EXERCISE AIM:
The expected output is the exact lines from the one containing "this 1600×1066 image." through the end of the data, inclusive, and nothing else.

DATA SHOWN START

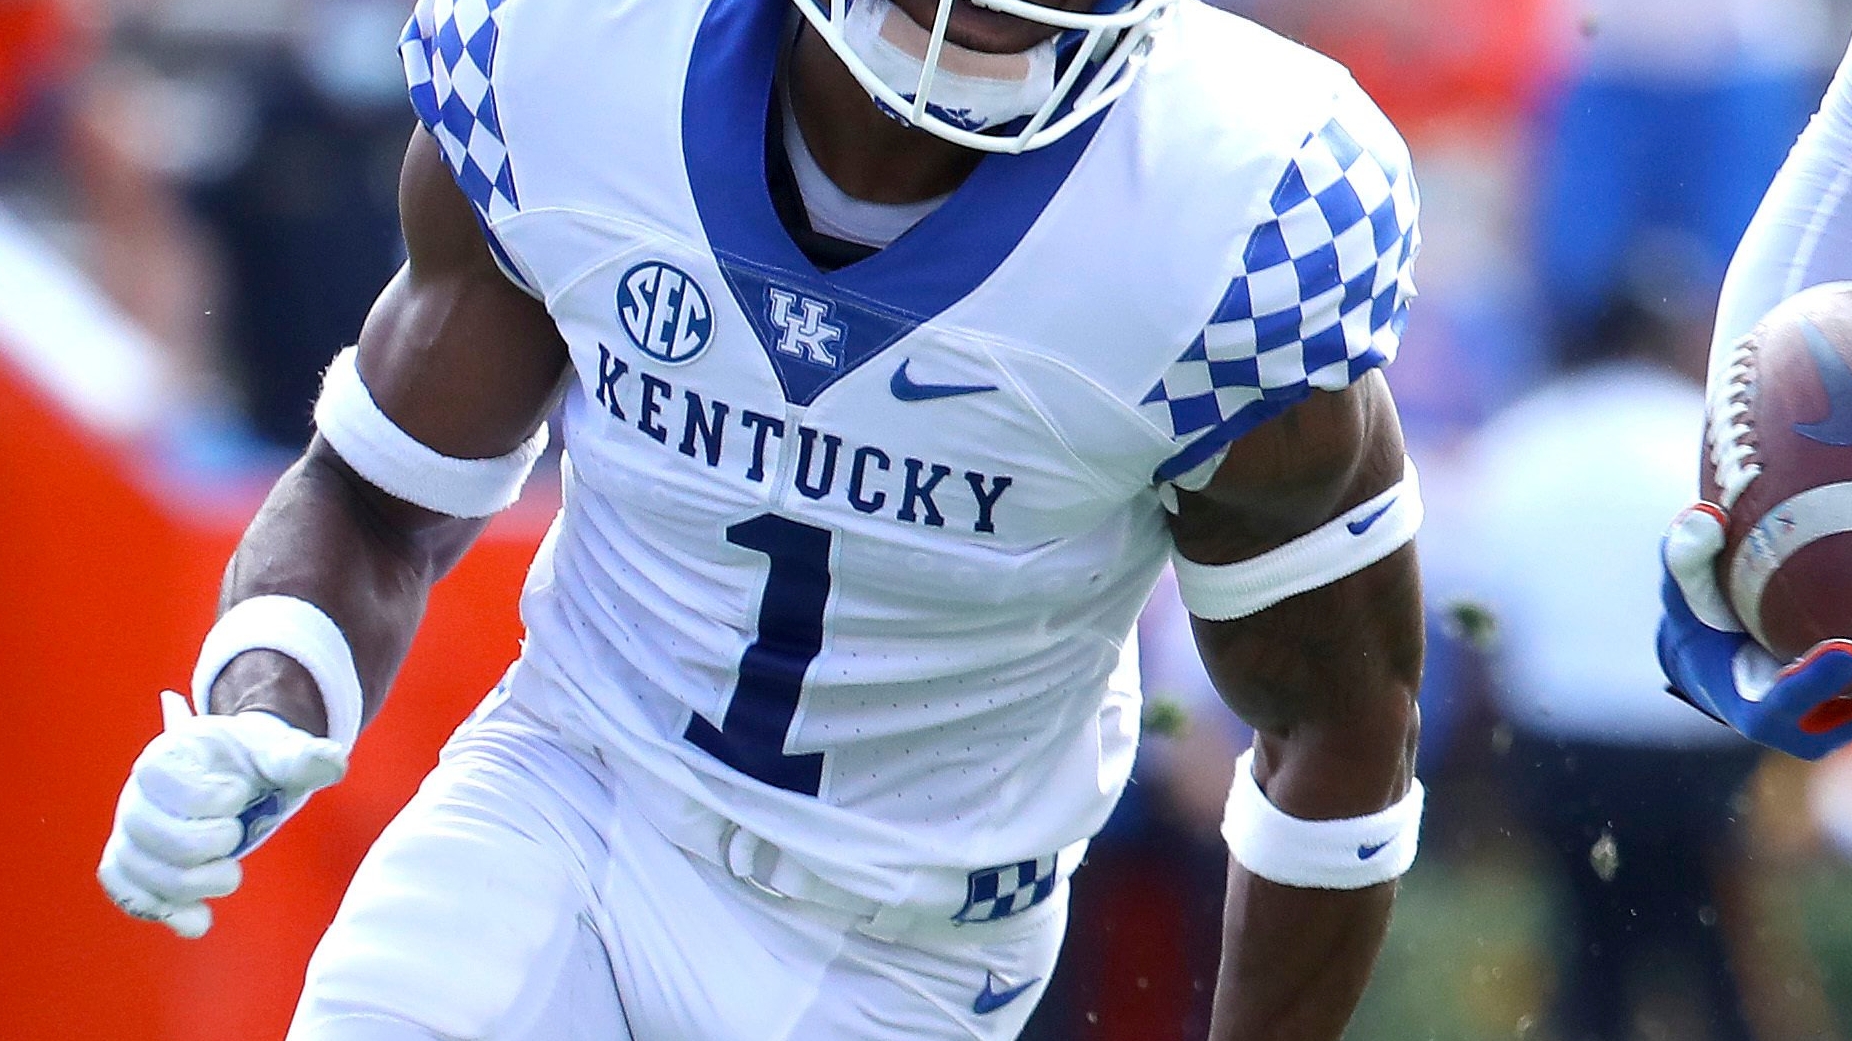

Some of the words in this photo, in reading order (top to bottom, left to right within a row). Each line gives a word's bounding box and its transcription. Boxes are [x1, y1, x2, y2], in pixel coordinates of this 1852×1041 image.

[622, 266, 707, 358] SEC
[769, 287, 841, 368] UK
[597, 342, 1012, 533] KENTUCKY
[684, 512, 833, 798] 1
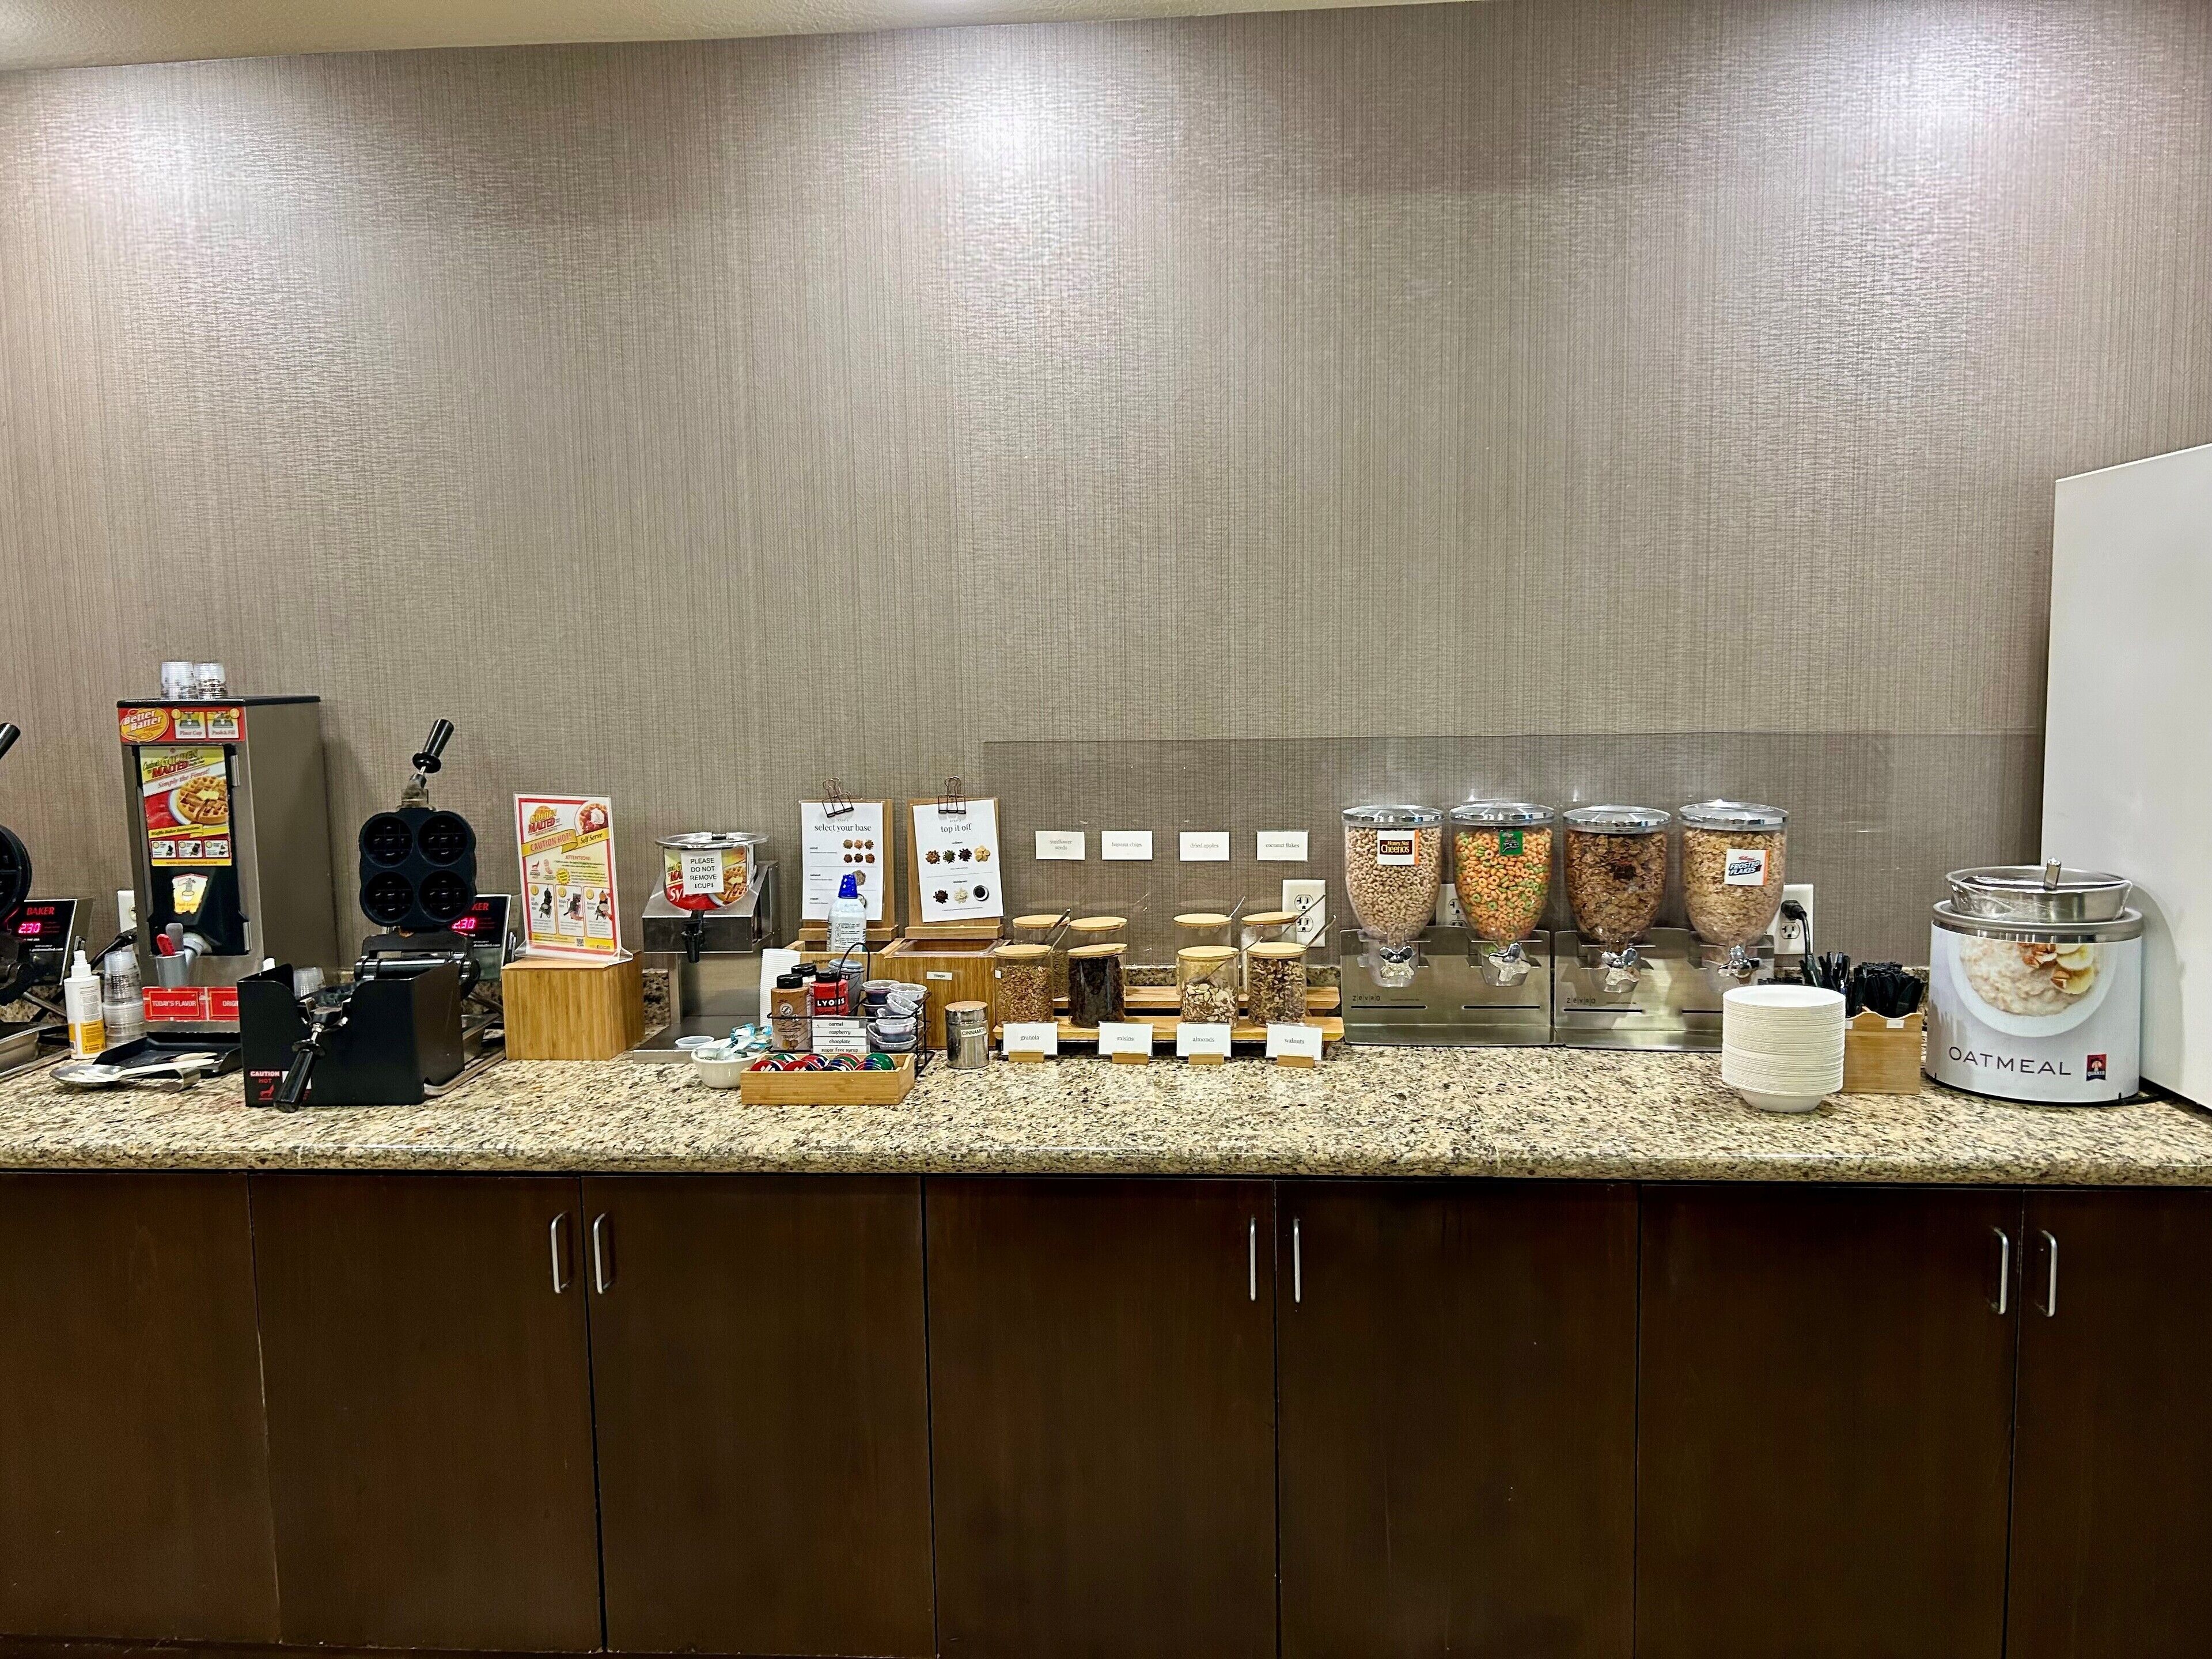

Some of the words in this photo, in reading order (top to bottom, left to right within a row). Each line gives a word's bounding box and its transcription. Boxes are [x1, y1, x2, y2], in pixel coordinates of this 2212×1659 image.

[122, 710, 157, 725] Better
[130, 716, 162, 731] Batter
[528, 817, 556, 834] MALTED
[814, 823, 835, 831] select
[941, 825, 953, 834] top
[961, 823, 972, 831] off
[580, 835, 589, 845] Self
[589, 833, 603, 841] Serve
[530, 838, 556, 852] CAUTION
[1381, 844, 1410, 853] Cheerios
[1730, 861, 1760, 870] FROSTED
[1730, 866, 1756, 875] FLAKES
[26, 907, 55, 915] BAKER
[472, 903, 489, 911] KER
[1949, 1046, 2071, 1075] OATMEAL
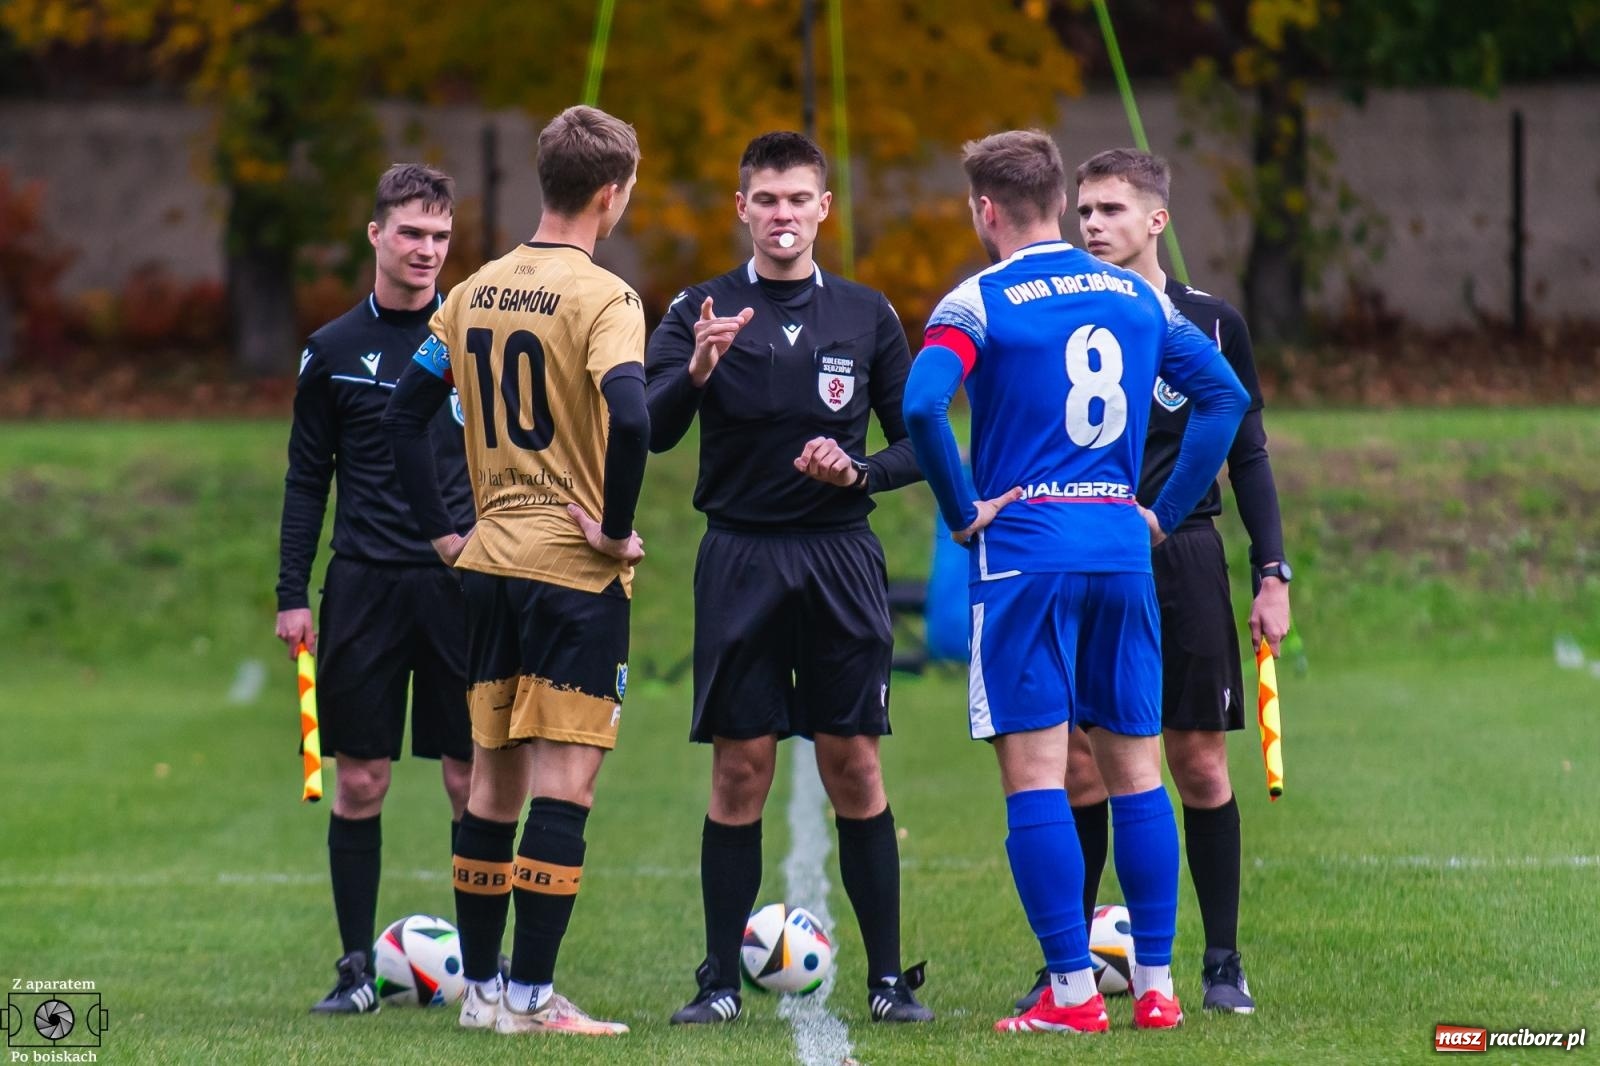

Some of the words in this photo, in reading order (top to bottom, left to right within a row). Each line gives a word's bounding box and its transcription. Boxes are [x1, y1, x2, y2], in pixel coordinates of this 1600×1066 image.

[470, 285, 498, 310] LKS
[498, 286, 561, 316] GAMÓW
[1003, 279, 1053, 305] UNIA
[1050, 270, 1138, 298] RACIBÓRZ
[466, 327, 556, 451] 10
[1065, 324, 1128, 449] 8
[488, 467, 504, 486] lat
[505, 467, 573, 491] Tradycji

DATA SHOWN END

RESPONSE:
Some of the words in this photo, in reading order (top to bottom, left to right within a row). Each line gives a word's bounding box and its transcription. Boxes are [x1, y1, x2, y2], in pixel coordinates of this 1600×1066 image.

[470, 285, 498, 310] LKS
[498, 286, 561, 316] GAMÓW
[1003, 279, 1053, 305] UNIA
[1050, 270, 1138, 298] RACIBÓRZ
[466, 327, 556, 451] 10
[1065, 324, 1128, 449] 8
[488, 467, 504, 486] lat
[505, 467, 573, 491] Tradycji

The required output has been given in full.